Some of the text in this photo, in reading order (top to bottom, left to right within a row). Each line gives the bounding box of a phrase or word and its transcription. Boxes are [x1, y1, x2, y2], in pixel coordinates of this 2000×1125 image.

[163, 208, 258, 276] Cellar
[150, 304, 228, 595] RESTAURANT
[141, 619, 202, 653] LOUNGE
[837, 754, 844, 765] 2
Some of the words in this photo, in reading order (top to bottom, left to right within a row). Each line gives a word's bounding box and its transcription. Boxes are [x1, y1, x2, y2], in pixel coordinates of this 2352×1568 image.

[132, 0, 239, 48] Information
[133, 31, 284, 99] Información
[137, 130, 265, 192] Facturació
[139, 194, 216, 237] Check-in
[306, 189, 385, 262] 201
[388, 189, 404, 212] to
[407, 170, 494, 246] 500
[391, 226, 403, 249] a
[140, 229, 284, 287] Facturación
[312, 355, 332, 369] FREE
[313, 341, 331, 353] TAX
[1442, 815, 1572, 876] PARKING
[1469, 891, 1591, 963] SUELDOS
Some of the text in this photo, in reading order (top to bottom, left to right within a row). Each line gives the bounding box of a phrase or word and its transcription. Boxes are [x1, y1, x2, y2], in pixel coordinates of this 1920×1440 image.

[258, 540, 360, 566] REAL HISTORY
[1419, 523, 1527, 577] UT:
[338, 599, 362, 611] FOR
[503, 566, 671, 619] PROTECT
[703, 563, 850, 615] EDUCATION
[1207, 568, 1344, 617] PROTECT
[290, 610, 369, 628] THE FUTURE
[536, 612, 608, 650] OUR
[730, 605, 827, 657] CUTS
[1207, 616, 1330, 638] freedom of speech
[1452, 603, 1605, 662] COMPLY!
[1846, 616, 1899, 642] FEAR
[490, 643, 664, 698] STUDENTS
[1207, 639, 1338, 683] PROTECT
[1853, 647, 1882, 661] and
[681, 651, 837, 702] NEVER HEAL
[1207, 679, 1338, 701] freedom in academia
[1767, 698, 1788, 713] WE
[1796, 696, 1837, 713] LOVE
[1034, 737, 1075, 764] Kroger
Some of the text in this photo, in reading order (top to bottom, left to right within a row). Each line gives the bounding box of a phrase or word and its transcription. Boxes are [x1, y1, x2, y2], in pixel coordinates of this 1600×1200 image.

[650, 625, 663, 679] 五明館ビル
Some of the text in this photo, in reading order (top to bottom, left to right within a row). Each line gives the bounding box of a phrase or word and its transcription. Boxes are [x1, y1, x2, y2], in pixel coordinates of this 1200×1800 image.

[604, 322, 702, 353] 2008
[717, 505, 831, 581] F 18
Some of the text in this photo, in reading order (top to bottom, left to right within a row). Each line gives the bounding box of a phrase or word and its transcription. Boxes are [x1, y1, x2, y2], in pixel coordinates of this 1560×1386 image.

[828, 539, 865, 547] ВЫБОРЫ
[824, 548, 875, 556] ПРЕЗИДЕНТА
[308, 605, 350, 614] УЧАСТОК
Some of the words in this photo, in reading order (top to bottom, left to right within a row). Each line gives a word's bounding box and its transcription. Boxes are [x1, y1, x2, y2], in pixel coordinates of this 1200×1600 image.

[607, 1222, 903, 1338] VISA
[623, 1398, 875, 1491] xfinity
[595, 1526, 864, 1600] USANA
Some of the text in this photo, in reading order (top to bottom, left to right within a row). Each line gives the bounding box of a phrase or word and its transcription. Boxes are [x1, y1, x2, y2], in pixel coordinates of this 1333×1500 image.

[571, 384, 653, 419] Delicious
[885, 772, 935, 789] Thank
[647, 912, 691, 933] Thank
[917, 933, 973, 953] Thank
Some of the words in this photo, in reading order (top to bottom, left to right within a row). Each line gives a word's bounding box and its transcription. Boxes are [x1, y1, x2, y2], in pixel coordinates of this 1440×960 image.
++++++++
● **What the task asks**:
Transcribe every line above, character for character.

● **Exercise solution**:
Some of the text in this photo, in reading order (top to bottom, left to right within a row). Each line gives the bounding box of a phrase or word and its transcription. Boxes are [x1, y1, x2, y2], in pixel coordinates of this 2000×1125 image.

[163, 208, 258, 276] Cellar
[150, 304, 228, 595] RESTAURANT
[141, 619, 202, 653] LOUNGE
[837, 754, 844, 765] 2
Some of the words in this photo, in reading order (top to bottom, left to right within a row). Each line gives a word's bounding box and its transcription. Boxes are [x1, y1, x2, y2], in pixel coordinates of this 2352×1568 image.

[132, 0, 239, 48] Information
[133, 31, 284, 99] Información
[137, 130, 265, 192] Facturació
[139, 194, 216, 237] Check-in
[306, 189, 385, 262] 201
[388, 189, 404, 212] to
[407, 170, 494, 246] 500
[391, 226, 403, 249] a
[140, 229, 284, 287] Facturación
[312, 355, 332, 369] FREE
[313, 341, 331, 353] TAX
[1442, 815, 1572, 876] PARKING
[1469, 891, 1591, 963] SUELDOS
Some of the text in this photo, in reading order (top to bottom, left to right within a row). Each line gives the bounding box of a phrase or word and its transcription. Boxes are [x1, y1, x2, y2], in pixel coordinates of this 1920×1440 image.

[258, 540, 360, 566] REAL HISTORY
[1419, 523, 1527, 577] UT:
[338, 599, 362, 611] FOR
[503, 566, 671, 619] PROTECT
[703, 563, 850, 615] EDUCATION
[1207, 568, 1344, 617] PROTECT
[290, 610, 369, 628] THE FUTURE
[536, 612, 608, 650] OUR
[730, 605, 827, 657] CUTS
[1207, 616, 1330, 638] freedom of speech
[1452, 603, 1605, 662] COMPLY!
[1846, 616, 1899, 642] FEAR
[490, 643, 664, 698] STUDENTS
[1207, 639, 1338, 683] PROTECT
[1853, 647, 1882, 661] and
[681, 651, 837, 702] NEVER HEAL
[1207, 679, 1338, 701] freedom in academia
[1767, 698, 1788, 713] WE
[1796, 696, 1837, 713] LOVE
[1034, 737, 1075, 764] Kroger
Some of the text in this photo, in reading order (top to bottom, left to right within a row). Each line gives the bounding box of a phrase or word and its transcription. Boxes are [x1, y1, x2, y2], in pixel coordinates of this 1600×1200 image.

[650, 625, 663, 679] 五明館ビル
Some of the text in this photo, in reading order (top to bottom, left to right within a row). Each line gives the bounding box of a phrase or word and its transcription. Boxes are [x1, y1, x2, y2], in pixel coordinates of this 1200×1800 image.

[604, 322, 702, 353] 2008
[717, 505, 831, 581] F 18
Some of the text in this photo, in reading order (top to bottom, left to right within a row). Each line gives the bounding box of a phrase or word and its transcription. Boxes are [x1, y1, x2, y2], in pixel coordinates of this 1560×1386 image.

[828, 539, 865, 547] ВЫБОРЫ
[824, 548, 875, 556] ПРЕЗИДЕНТА
[308, 605, 350, 614] УЧАСТОК
Some of the words in this photo, in reading order (top to bottom, left to right within a row). Each line gives a word's bounding box and its transcription. Boxes are [x1, y1, x2, y2], in pixel coordinates of this 1200×1600 image.

[607, 1222, 903, 1338] VISA
[623, 1398, 875, 1491] xfinity
[595, 1526, 864, 1600] USANA
Some of the text in this photo, in reading order (top to bottom, left to right within a row). Each line gives the bounding box of a phrase or word and its transcription. Boxes are [x1, y1, x2, y2], in pixel coordinates of this 1333×1500 image.

[571, 384, 653, 419] Delicious
[885, 772, 935, 789] Thank
[647, 912, 691, 933] Thank
[917, 933, 973, 953] Thank
Some of the words in this photo, in reading order (top to bottom, left to right within a row). Each line gives a word's bounding box and its transcription. Boxes are [x1, y1, x2, y2], in pixel coordinates of this 1440×960 image.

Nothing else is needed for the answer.